Start of MATERIAL FOR THIS EXERCISE

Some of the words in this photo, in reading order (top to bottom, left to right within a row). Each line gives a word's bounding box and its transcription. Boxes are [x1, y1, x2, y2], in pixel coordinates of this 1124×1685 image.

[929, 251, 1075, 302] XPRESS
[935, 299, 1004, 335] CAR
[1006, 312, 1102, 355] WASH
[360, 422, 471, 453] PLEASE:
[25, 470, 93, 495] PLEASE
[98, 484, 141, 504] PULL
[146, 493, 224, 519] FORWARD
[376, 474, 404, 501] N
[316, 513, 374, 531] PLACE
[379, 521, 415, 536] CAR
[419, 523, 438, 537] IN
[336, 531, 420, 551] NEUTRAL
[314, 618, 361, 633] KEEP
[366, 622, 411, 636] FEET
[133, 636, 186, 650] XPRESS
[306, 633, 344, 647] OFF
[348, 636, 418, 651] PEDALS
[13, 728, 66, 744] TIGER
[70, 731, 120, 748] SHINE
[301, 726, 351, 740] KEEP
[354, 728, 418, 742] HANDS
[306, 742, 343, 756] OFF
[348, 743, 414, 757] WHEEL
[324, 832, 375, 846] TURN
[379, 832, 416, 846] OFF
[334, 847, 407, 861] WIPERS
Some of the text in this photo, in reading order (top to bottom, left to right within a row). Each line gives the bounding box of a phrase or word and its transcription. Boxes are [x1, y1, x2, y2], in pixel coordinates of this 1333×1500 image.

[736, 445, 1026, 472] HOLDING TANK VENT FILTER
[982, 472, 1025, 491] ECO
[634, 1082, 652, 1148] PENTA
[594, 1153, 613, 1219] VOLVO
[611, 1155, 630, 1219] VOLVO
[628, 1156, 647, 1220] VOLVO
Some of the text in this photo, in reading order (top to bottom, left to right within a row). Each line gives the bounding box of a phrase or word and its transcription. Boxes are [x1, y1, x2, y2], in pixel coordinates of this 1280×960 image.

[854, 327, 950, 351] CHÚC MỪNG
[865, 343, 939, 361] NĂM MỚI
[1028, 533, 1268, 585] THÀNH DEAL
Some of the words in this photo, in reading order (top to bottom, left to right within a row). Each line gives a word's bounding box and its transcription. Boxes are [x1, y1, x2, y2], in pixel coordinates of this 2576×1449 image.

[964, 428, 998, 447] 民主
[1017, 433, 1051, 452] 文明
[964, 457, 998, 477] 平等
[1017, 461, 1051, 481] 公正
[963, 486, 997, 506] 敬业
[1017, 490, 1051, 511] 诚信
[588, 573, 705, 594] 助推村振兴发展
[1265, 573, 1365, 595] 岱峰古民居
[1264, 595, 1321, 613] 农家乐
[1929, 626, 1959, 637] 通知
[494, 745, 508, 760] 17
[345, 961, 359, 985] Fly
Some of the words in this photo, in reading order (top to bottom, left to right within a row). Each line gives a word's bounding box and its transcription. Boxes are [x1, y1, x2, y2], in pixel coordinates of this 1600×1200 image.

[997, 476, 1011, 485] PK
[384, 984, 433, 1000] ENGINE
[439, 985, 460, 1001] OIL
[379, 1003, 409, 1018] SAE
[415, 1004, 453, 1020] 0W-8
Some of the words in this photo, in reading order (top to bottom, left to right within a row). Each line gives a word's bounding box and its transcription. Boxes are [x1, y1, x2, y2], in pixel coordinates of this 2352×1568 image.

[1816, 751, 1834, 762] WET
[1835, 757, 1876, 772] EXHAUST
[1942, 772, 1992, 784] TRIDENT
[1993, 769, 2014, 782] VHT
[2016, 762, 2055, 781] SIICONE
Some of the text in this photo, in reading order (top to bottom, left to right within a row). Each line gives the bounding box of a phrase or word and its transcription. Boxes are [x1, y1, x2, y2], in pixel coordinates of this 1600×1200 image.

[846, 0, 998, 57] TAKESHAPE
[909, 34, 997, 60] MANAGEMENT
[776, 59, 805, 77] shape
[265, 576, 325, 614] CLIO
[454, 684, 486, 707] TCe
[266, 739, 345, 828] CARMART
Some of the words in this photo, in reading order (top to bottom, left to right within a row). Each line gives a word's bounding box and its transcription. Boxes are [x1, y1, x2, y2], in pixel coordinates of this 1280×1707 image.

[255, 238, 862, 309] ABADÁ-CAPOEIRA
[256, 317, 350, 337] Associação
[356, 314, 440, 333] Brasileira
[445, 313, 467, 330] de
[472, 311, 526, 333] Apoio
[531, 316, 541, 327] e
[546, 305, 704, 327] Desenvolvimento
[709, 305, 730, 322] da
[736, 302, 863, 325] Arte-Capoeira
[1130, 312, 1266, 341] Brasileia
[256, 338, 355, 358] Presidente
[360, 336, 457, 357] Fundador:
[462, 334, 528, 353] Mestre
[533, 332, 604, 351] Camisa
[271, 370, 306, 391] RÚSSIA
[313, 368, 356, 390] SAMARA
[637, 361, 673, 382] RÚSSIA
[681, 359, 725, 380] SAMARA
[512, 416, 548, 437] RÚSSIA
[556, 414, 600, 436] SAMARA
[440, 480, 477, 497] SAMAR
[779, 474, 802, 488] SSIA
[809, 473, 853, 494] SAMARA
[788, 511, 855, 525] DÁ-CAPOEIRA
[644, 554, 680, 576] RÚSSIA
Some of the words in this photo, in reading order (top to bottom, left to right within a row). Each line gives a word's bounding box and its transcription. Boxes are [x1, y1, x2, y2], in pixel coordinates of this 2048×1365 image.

End of MATERIAL FOR THIS EXERCISE

-- YOUR OBJECTIVE --
Every line of the data above is to be repeated exactly.

-- ANSWER SPACE --
Some of the words in this photo, in reading order (top to bottom, left to right within a row). Each line gives a word's bounding box and its transcription. Boxes are [x1, y1, x2, y2], in pixel coordinates of this 1124×1685 image.

[929, 251, 1075, 302] XPRESS
[935, 299, 1004, 335] CAR
[1006, 312, 1102, 355] WASH
[360, 422, 471, 453] PLEASE:
[25, 470, 93, 495] PLEASE
[98, 484, 141, 504] PULL
[146, 493, 224, 519] FORWARD
[376, 474, 404, 501] N
[316, 513, 374, 531] PLACE
[379, 521, 415, 536] CAR
[419, 523, 438, 537] IN
[336, 531, 420, 551] NEUTRAL
[314, 618, 361, 633] KEEP
[366, 622, 411, 636] FEET
[133, 636, 186, 650] XPRESS
[306, 633, 344, 647] OFF
[348, 636, 418, 651] PEDALS
[13, 728, 66, 744] TIGER
[70, 731, 120, 748] SHINE
[301, 726, 351, 740] KEEP
[354, 728, 418, 742] HANDS
[306, 742, 343, 756] OFF
[348, 743, 414, 757] WHEEL
[324, 832, 375, 846] TURN
[379, 832, 416, 846] OFF
[334, 847, 407, 861] WIPERS
Some of the text in this photo, in reading order (top to bottom, left to right within a row). Each line gives the bounding box of a phrase or word and its transcription. Boxes are [x1, y1, x2, y2], in pixel coordinates of this 1333×1500 image.

[736, 445, 1026, 472] HOLDING TANK VENT FILTER
[982, 472, 1025, 491] ECO
[634, 1082, 652, 1148] PENTA
[594, 1153, 613, 1219] VOLVO
[611, 1155, 630, 1219] VOLVO
[628, 1156, 647, 1220] VOLVO
Some of the text in this photo, in reading order (top to bottom, left to right within a row). Each line gives the bounding box of a phrase or word and its transcription. Boxes are [x1, y1, x2, y2], in pixel coordinates of this 1280×960 image.

[854, 327, 950, 351] CHÚC MỪNG
[865, 343, 939, 361] NĂM MỚI
[1028, 533, 1268, 585] THÀNH DEAL
Some of the words in this photo, in reading order (top to bottom, left to right within a row). Each line gives a word's bounding box and its transcription. Boxes are [x1, y1, x2, y2], in pixel coordinates of this 2576×1449 image.

[964, 428, 998, 447] 民主
[1017, 433, 1051, 452] 文明
[964, 457, 998, 477] 平等
[1017, 461, 1051, 481] 公正
[963, 486, 997, 506] 敬业
[1017, 490, 1051, 511] 诚信
[588, 573, 705, 594] 助推村振兴发展
[1265, 573, 1365, 595] 岱峰古民居
[1264, 595, 1321, 613] 农家乐
[1929, 626, 1959, 637] 通知
[494, 745, 508, 760] 17
[345, 961, 359, 985] Fly
Some of the words in this photo, in reading order (top to bottom, left to right within a row). Each line gives a word's bounding box and its transcription. Boxes are [x1, y1, x2, y2], in pixel coordinates of this 1600×1200 image.

[997, 476, 1011, 485] PK
[384, 984, 433, 1000] ENGINE
[439, 985, 460, 1001] OIL
[379, 1003, 409, 1018] SAE
[415, 1004, 453, 1020] 0W-8
Some of the words in this photo, in reading order (top to bottom, left to right within a row). Each line gives a word's bounding box and its transcription. Boxes are [x1, y1, x2, y2], in pixel coordinates of this 2352×1568 image.

[1816, 751, 1834, 762] WET
[1835, 757, 1876, 772] EXHAUST
[1942, 772, 1992, 784] TRIDENT
[1993, 769, 2014, 782] VHT
[2016, 762, 2055, 781] SIICONE
Some of the text in this photo, in reading order (top to bottom, left to right within a row). Each line gives the bounding box of a phrase or word and its transcription. Boxes are [x1, y1, x2, y2], in pixel coordinates of this 1600×1200 image.

[846, 0, 998, 57] TAKESHAPE
[909, 34, 997, 60] MANAGEMENT
[776, 59, 805, 77] shape
[265, 576, 325, 614] CLIO
[454, 684, 486, 707] TCe
[266, 739, 345, 828] CARMART
Some of the words in this photo, in reading order (top to bottom, left to right within a row). Each line gives a word's bounding box and its transcription. Boxes are [x1, y1, x2, y2], in pixel coordinates of this 1280×1707 image.

[255, 238, 862, 309] ABADÁ-CAPOEIRA
[256, 317, 350, 337] Associação
[356, 314, 440, 333] Brasileira
[445, 313, 467, 330] de
[472, 311, 526, 333] Apoio
[531, 316, 541, 327] e
[546, 305, 704, 327] Desenvolvimento
[709, 305, 730, 322] da
[736, 302, 863, 325] Arte-Capoeira
[1130, 312, 1266, 341] Brasileia
[256, 338, 355, 358] Presidente
[360, 336, 457, 357] Fundador:
[462, 334, 528, 353] Mestre
[533, 332, 604, 351] Camisa
[271, 370, 306, 391] RÚSSIA
[313, 368, 356, 390] SAMARA
[637, 361, 673, 382] RÚSSIA
[681, 359, 725, 380] SAMARA
[512, 416, 548, 437] RÚSSIA
[556, 414, 600, 436] SAMARA
[440, 480, 477, 497] SAMAR
[779, 474, 802, 488] SSIA
[809, 473, 853, 494] SAMARA
[788, 511, 855, 525] DÁ-CAPOEIRA
[644, 554, 680, 576] RÚSSIA
Some of the words in this photo, in reading order (top to bottom, left to right within a row). Each line gives a word's bounding box and its transcription. Boxes are [x1, y1, x2, y2], in pixel coordinates of this 2048×1365 image.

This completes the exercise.